In conclusione, sebbene l'attuale raccolta di metodi non pretenda di essere completa (e continui a crescere), è già un insieme relativamente completo di metodi che illustrano molte sfide attuali nella contrattilità e nelle registrazioni elettrofisiologiche nei cardiomiociti umani. Include protocolli per cardiomiociti umani primari1, hiPSC-CM disponibili in commercio derivati da donatori sani 2,3,4, nonché protocolli ottimizzati per cellule portatrici di una firma di cardiopatia congenita 3,6. Questi metodi si estendono a varie condizioni di coltura cellulare, dalle singole cellule per esperimenti di patch clamp6, ai convenzionali monostrati 2D hiPSC-CM su substrati rigidi 1,4, ai monostrati di cardiomiociti 2D su substrati morbidi e flessibili 2,3 e, infine, ai tessuti cardiaci ingegnerizzati in 3D5. Le metodiche incluse utilizzano diversi approcci per la registrazione dei parametri di fisiologia cardiaca più rilevanti, come la contrattilità (misurata indirettamente con saggi basati su video 1,3,6 o direttamente con forza contrattile 2,5), il potenziale d'azione (in una singola cellula utilizzando patch clamp6, un potenziale di campo extracellulare surrogato con un MEA 4,6, o utilizzando un nuovo approccio per porare le cellule per registrare registrazioni simili al potenziale d'azione con il sistema MEA standard4) e transitori di calcio (utilizzando sonde sensibili al calcio6).
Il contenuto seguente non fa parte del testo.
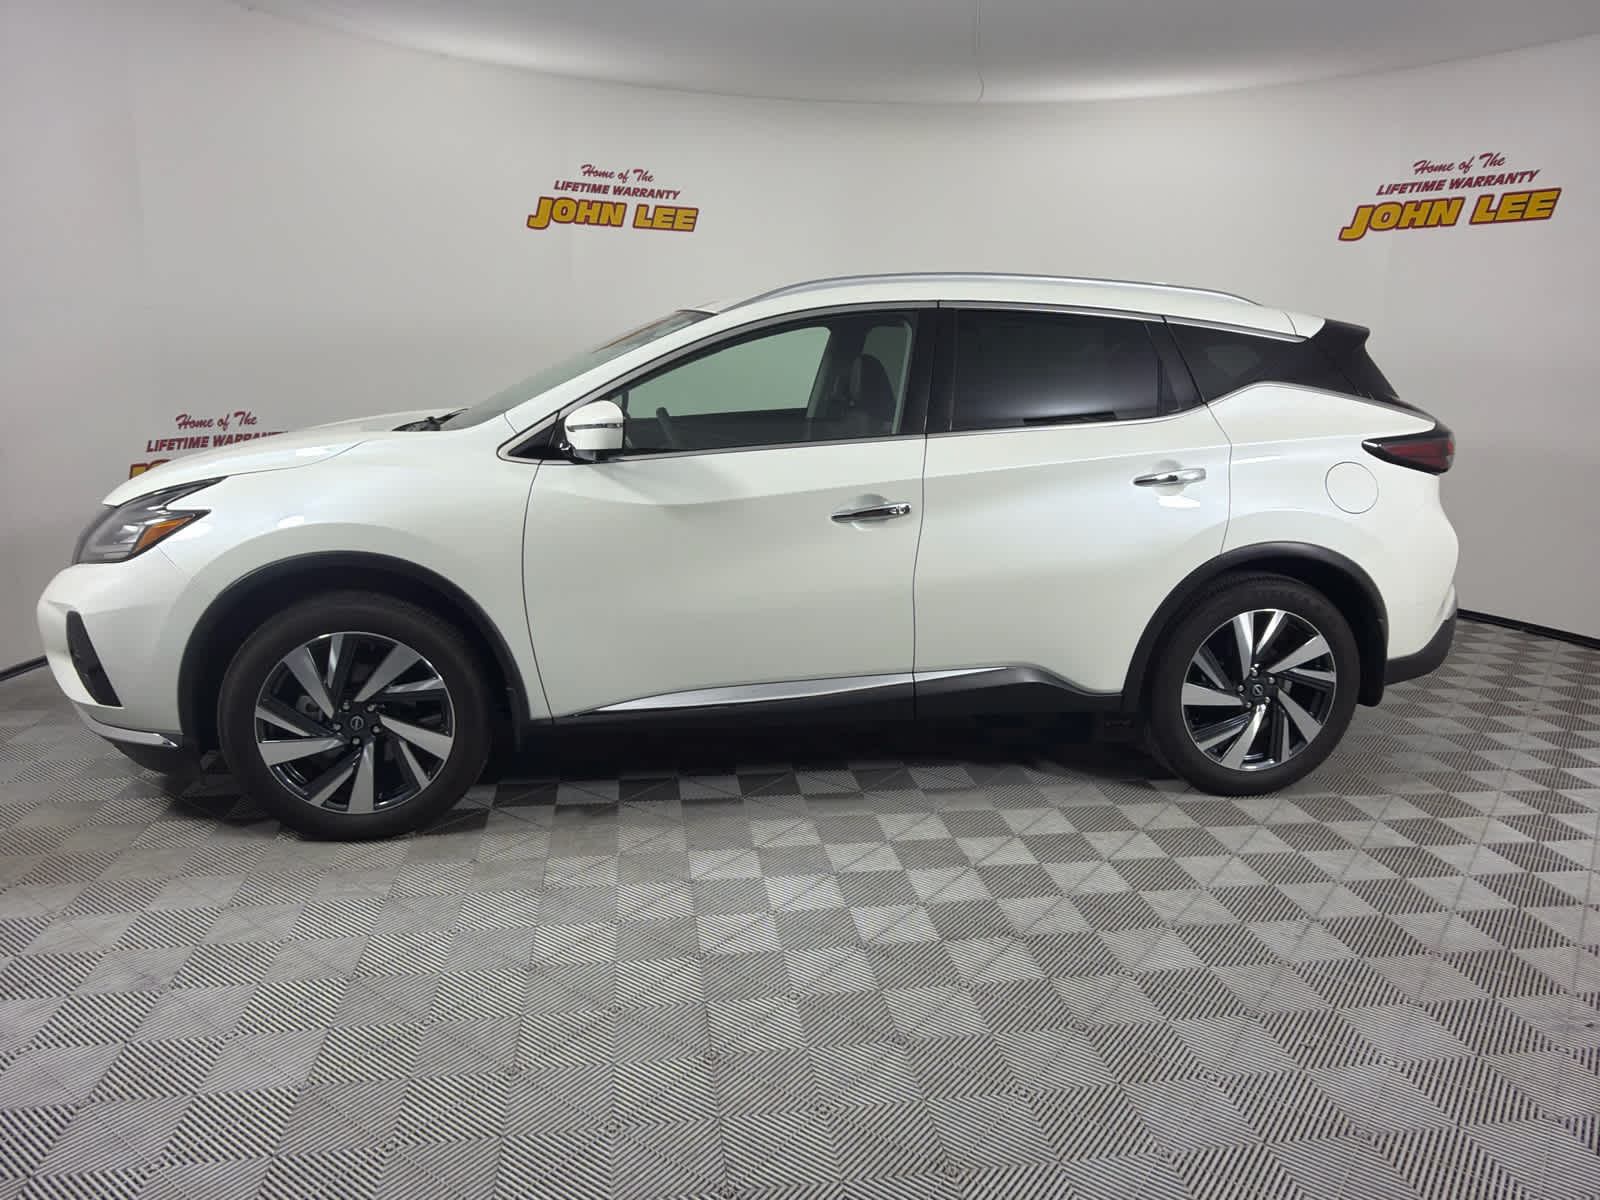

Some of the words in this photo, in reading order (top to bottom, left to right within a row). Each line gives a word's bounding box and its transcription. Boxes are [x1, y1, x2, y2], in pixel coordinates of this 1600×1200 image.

[581, 164, 615, 177] Home
[617, 169, 629, 183] of
[633, 169, 654, 182] The
[1413, 160, 1454, 174] Home
[1458, 156, 1474, 173] of
[1479, 152, 1505, 168] The
[554, 180, 610, 195] LIFETIME
[612, 185, 680, 200] WARRANTY
[1376, 179, 1446, 196] LIFETIME
[1449, 169, 1540, 190] WARRANTY
[527, 197, 627, 230] JOHN
[633, 204, 699, 232] LEE
[1338, 197, 1466, 241] JOHN
[1469, 188, 1562, 225] LEE
[175, 414, 214, 430] Home
[217, 413, 230, 431] of
[234, 411, 258, 426] The
[146, 436, 210, 453] LIFETIME
[213, 431, 288, 447] WARR
Nel loro insieme, questi metodi forniscono non solo protocolli dettagliati che possono essere riprodotti in altri laboratori, ma illustrano anche alcune delle sfide con i metodi cardiaci in vitro umani, come ad esempio: immaturità hiPSC-CM, specialmente quando si utilizza una coltura 2D standard su substrato rigido; effetti indesiderati di sonde fluorescenti sensibili alla tensione o al calcio; bassa produttività delle registrazioni convenzionali del potenziale d'azione; difficoltà nell'interpretazione delle registrazioni della durata del potenziale di campo standard; e mancanza di saggi per la valutazione dei dispositivi medici (ad esempio, rispetto ai farmaci). È stimolante vedere quanti laboratori stanno lavorando per migliorare questi metodi, il che porterà inevitabilmente a un ampio adattamento di questi metodi in futuro.